RECORDS:
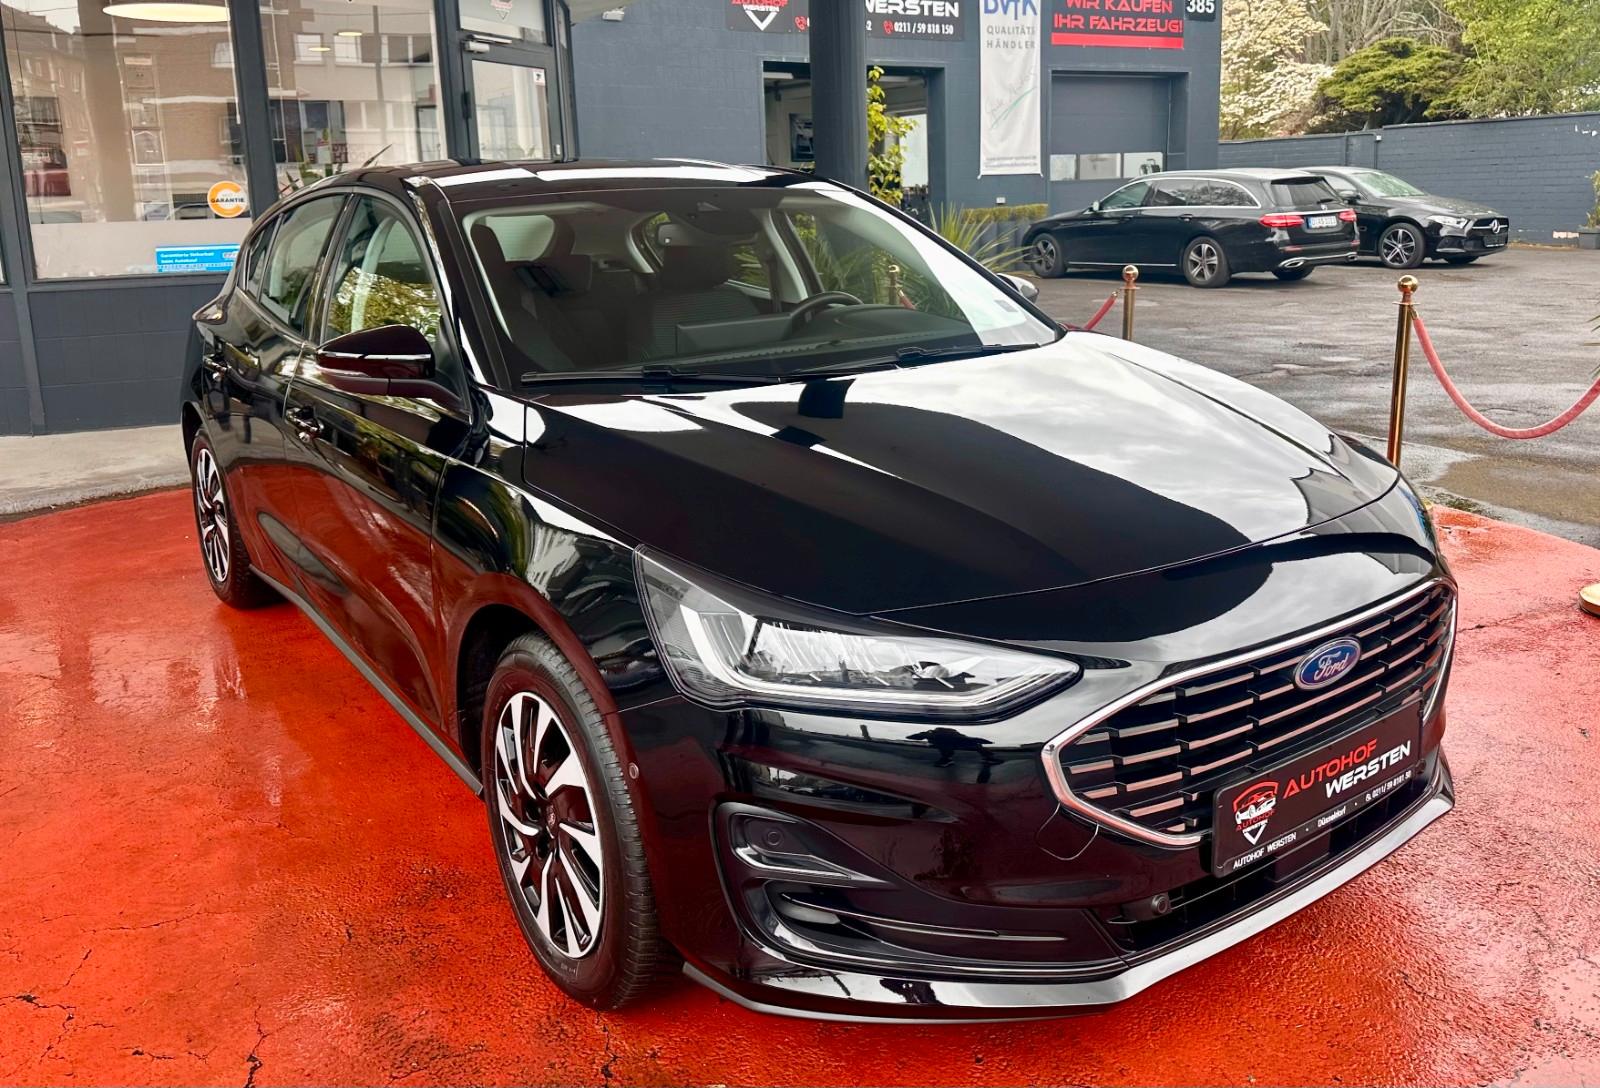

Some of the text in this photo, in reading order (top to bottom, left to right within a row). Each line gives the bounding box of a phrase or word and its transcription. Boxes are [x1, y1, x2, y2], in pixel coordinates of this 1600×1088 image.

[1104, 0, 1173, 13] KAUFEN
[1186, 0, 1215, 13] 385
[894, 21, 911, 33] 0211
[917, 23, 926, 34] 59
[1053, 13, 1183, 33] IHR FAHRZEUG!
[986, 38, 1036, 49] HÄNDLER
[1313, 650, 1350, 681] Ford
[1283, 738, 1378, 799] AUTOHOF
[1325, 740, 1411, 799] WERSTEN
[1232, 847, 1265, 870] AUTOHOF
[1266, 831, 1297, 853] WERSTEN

THE TASK:
Please return the records as they stand, word for word, with no pictures.

COMPLETED EXERCISE:
Some of the text in this photo, in reading order (top to bottom, left to right within a row). Each line gives the bounding box of a phrase or word and its transcription. Boxes are [x1, y1, x2, y2], in pixel coordinates of this 1600×1088 image.

[1104, 0, 1173, 13] KAUFEN
[1186, 0, 1215, 13] 385
[894, 21, 911, 33] 0211
[917, 23, 926, 34] 59
[1053, 13, 1183, 33] IHR FAHRZEUG!
[986, 38, 1036, 49] HÄNDLER
[1313, 650, 1350, 681] Ford
[1283, 738, 1378, 799] AUTOHOF
[1325, 740, 1411, 799] WERSTEN
[1232, 847, 1265, 870] AUTOHOF
[1266, 831, 1297, 853] WERSTEN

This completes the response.